Análise das patentes de militares condenados por golpe deve ocorrer em 2026

STM informa que julgamento será adiado devido ao recesso do Judiciário

STM deve adiar análise das patentes de condenados por golpe para 2026 devido ao recesso judicial.

Adiamento da análise das patentes dos condenados por golpe de Estado

A análise das patentes de militares condenados por tentativa de golpe de Estado, que envolve figuras como o ex-presidente Jair Bolsonaro, foi adiada pelo Superior Tribunal Militar (STM) para 2026. A decisão foi anunciada em 25 de novembro de 2025, e reflete a expectativa de que o julgamento não ocorra até o fim do ano, devido ao recesso do Judiciário, que começa em 19 de dezembro.

O STM, em comunicado, indicou que a análise da situação dos condenados só ocorrerá após o Ministério Público Militar (MPM) apresentar uma representação formal. Este procedimento é fundamental, pois o tribunal não pode agir de ofício, ou seja, sem um pedido formal para que isso aconteça. A Corte enfatizou que a execução das decisões, como a perda de patentes, é de responsabilidade do Comando Militar da força a que pertence o oficial condenado.

Papel do Ministério Público Militar na representação

O Ministério Público Militar já informou que o procedimento para a representação está em curso. O STM espera que o MPM finalize o encaminhamento até o final deste ano. Cada militar condenado terá uma representação individualizada, e a presidente da Corte, Maria Elizabeth Rocha, decidirá quando pautar o caso. A Corte é composta por 15 ministros, sendo 10 militares e 5 civis.

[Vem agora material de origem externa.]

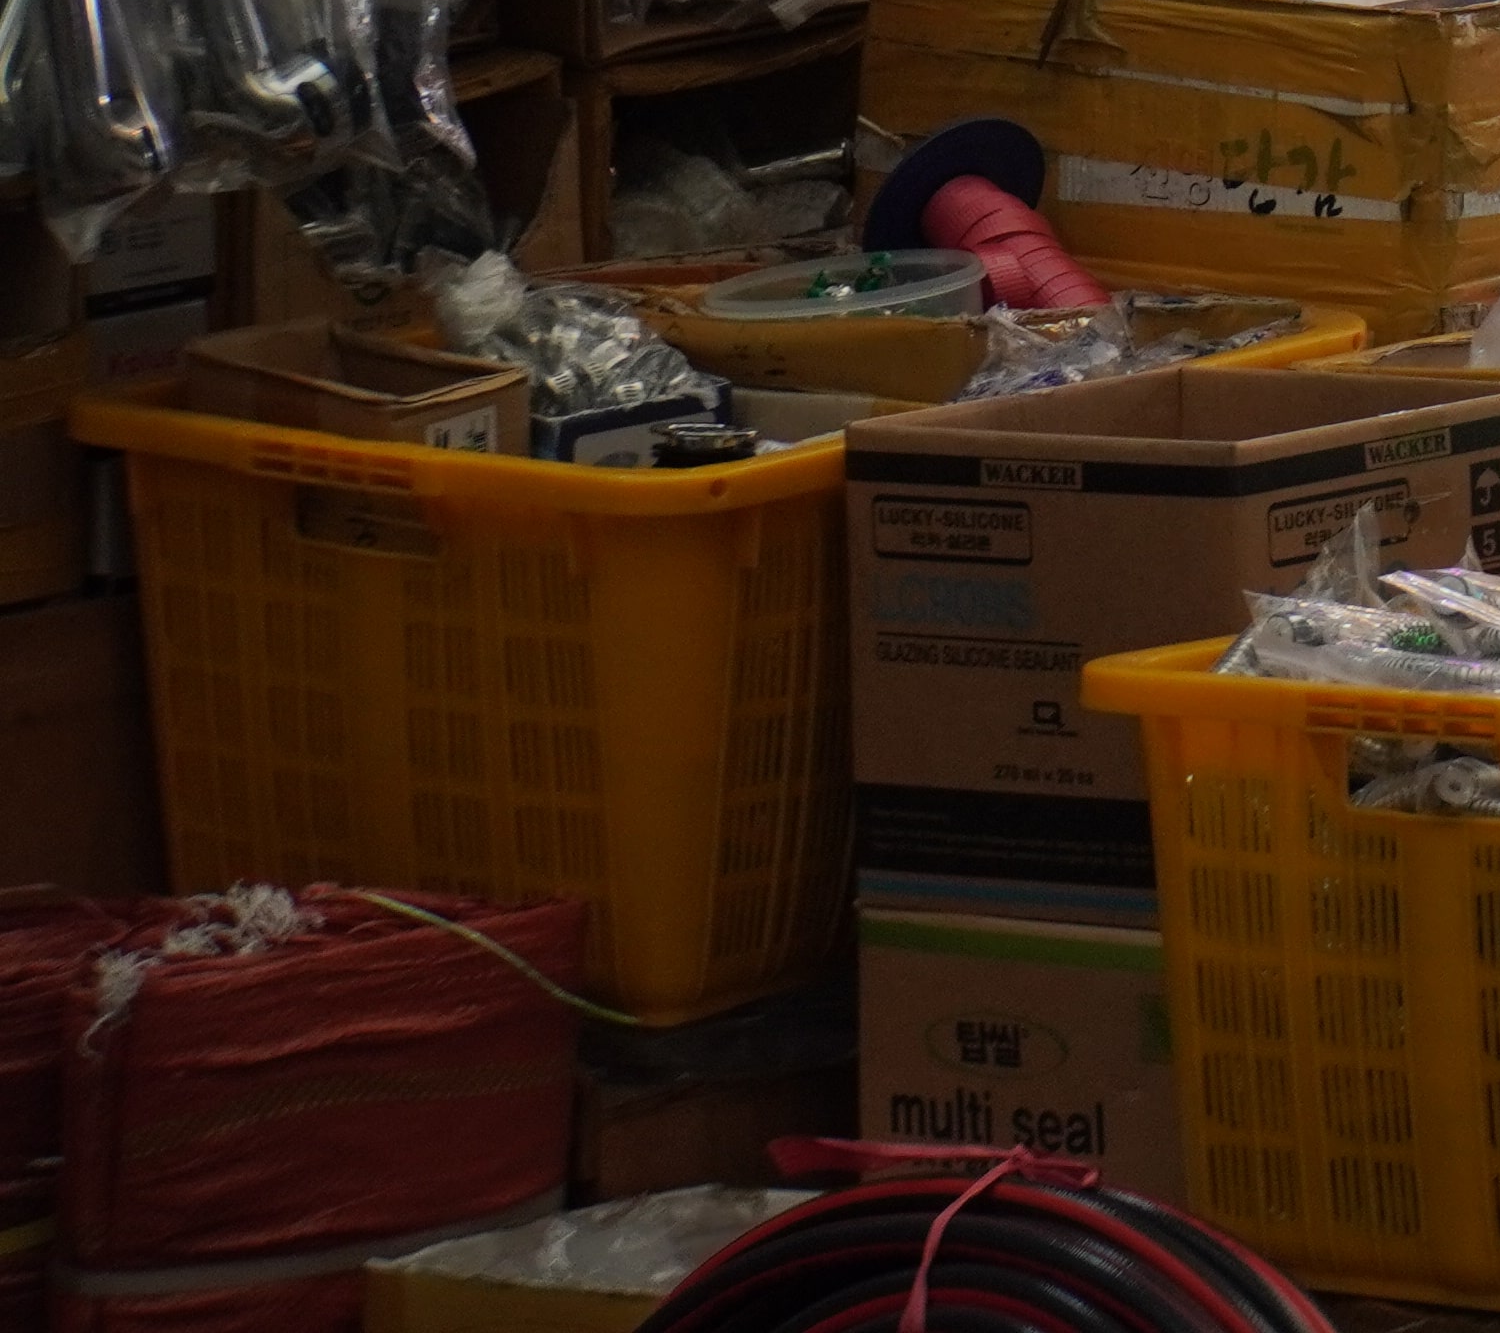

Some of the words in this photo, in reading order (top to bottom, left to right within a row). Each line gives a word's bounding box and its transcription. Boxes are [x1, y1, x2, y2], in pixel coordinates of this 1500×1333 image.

[1367, 434, 1448, 465] WACKER
[984, 461, 1077, 485] WACKER
[877, 506, 1025, 532] LUCKY-SILICONE
[890, 1086, 993, 1144] multi
[1011, 1101, 1107, 1156] seal

O julgamento sobre a manutenção ou perda das patentes será realizado em sessão pública, e todos os ministros votarão, exceto a presidente, que só vota em caso de desempate. O STM destacou que a decisão tem relevância para a carreira militar, pois visa proteger a honra, a disciplina e a hierarquia das Forças Armadas, ao mesmo tempo que assegura os direitos fundamentais dos militares envolvidos.

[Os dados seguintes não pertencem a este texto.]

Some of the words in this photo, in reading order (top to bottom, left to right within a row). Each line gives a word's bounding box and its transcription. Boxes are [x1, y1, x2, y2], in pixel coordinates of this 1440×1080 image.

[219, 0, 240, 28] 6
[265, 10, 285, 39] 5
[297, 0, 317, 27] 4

Condenações e cumprimento das penas

O Supremo Tribunal Federal (STF) já comunicou que os recursos contra as condenações foram esgotados e que as penas dos condenados começaram a ser cumpridas. Dentre os condenados, destacam-se Jair Bolsonaro, que cumpre pena de 27 anos e 3 meses; Walter Braga Netto, com 26 anos e 6 meses; Augusto Heleno, com 21 anos; Paulo Sérgio Nogueira, com 19 anos; e Almir Garnier, com 24 anos de prisão.

O artigo 142 da Constituição estabelece que cabe ao STM julgar representações por indignidade ou incompatibilidade para o oficialato, o que pode resultar na perda do posto e da patente. Para que o caso seja pautado, é necessário que o MPM encaminhe a representação ao tribunal.

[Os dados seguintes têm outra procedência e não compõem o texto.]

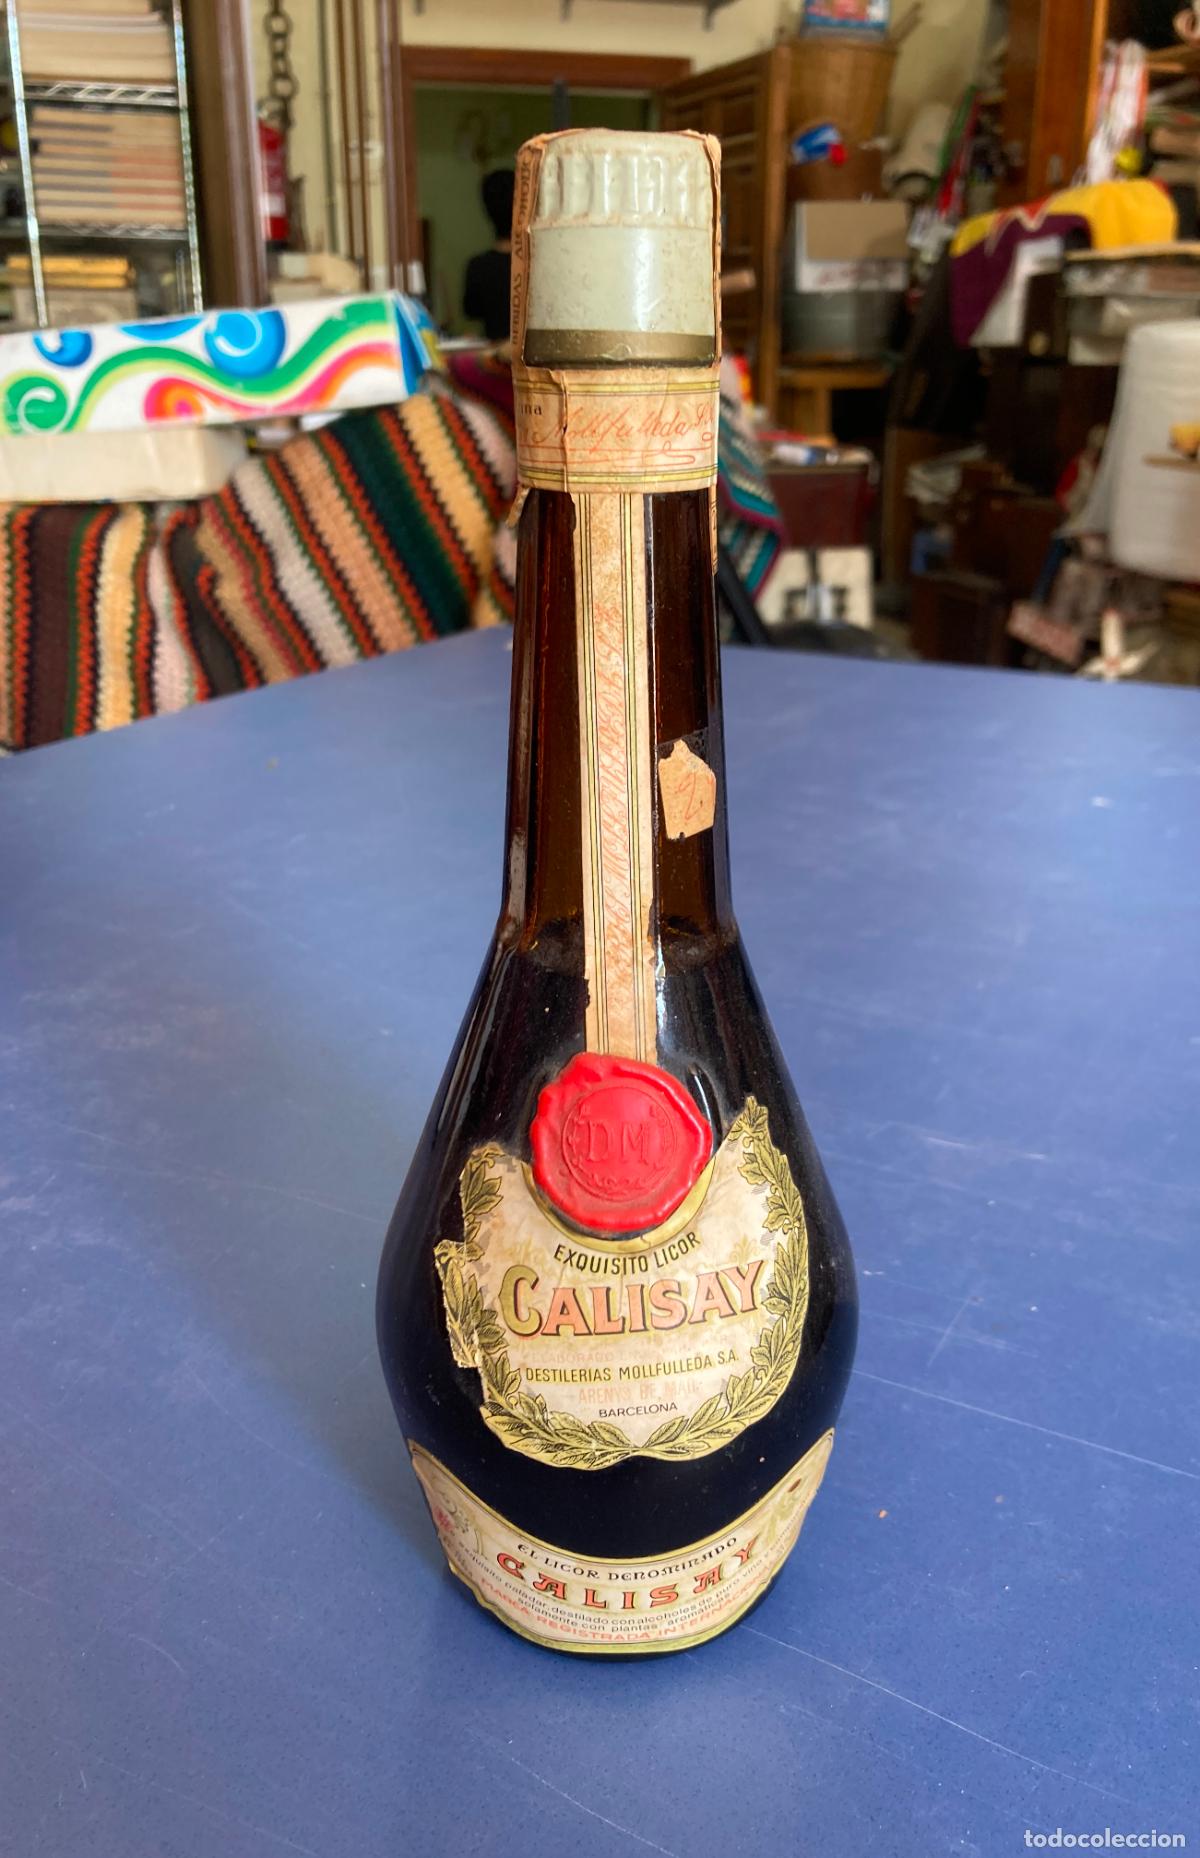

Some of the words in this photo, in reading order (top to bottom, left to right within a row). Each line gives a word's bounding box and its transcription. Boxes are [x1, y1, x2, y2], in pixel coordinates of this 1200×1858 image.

[553, 1244, 649, 1276] EXQUISITO
[655, 1231, 702, 1269] LICOR
[498, 1260, 766, 1338] CALISAY
[525, 1367, 613, 1384] DESTILERIAS
[619, 1355, 713, 1381] MOLLFULLEDA
[717, 1349, 741, 1366] S.A.
[599, 1401, 679, 1419] BARCELONA
[496, 1533, 762, 1610] CALISAY
[545, 1556, 601, 1580] LICOR

Expectativas para o julgamento

Com o recesso do Judiciário se aproximando, a expectativa é que a votação ocorra apenas em 2026. O Comando Militar responsável pela execução das penas não é o STM, mas sim a força a que o oficial pertence, que deve implementar o afastamento determinado pelo tribunal. Com a complexidade do caso e a necessidade de tramitação adequada, a decisão final sobre a perda das patentes ainda levará tempo, mas os militares condenados enfrentam um futuro incerto em suas carreiras.

O artigo 120 do Estatuto dos Militares determina que um oficial condenado a pena privativa de liberdade superior a 2 anos pode ser declarado indigno para o oficialato, o que se aplica aos cinco militares mencionados. Cada caso será avaliado individualmente, e a Corte do STM terá a responsabilidade de decidir sobre as representações do MPM, assegurando que o processo seja conduzido de forma justa e transparente.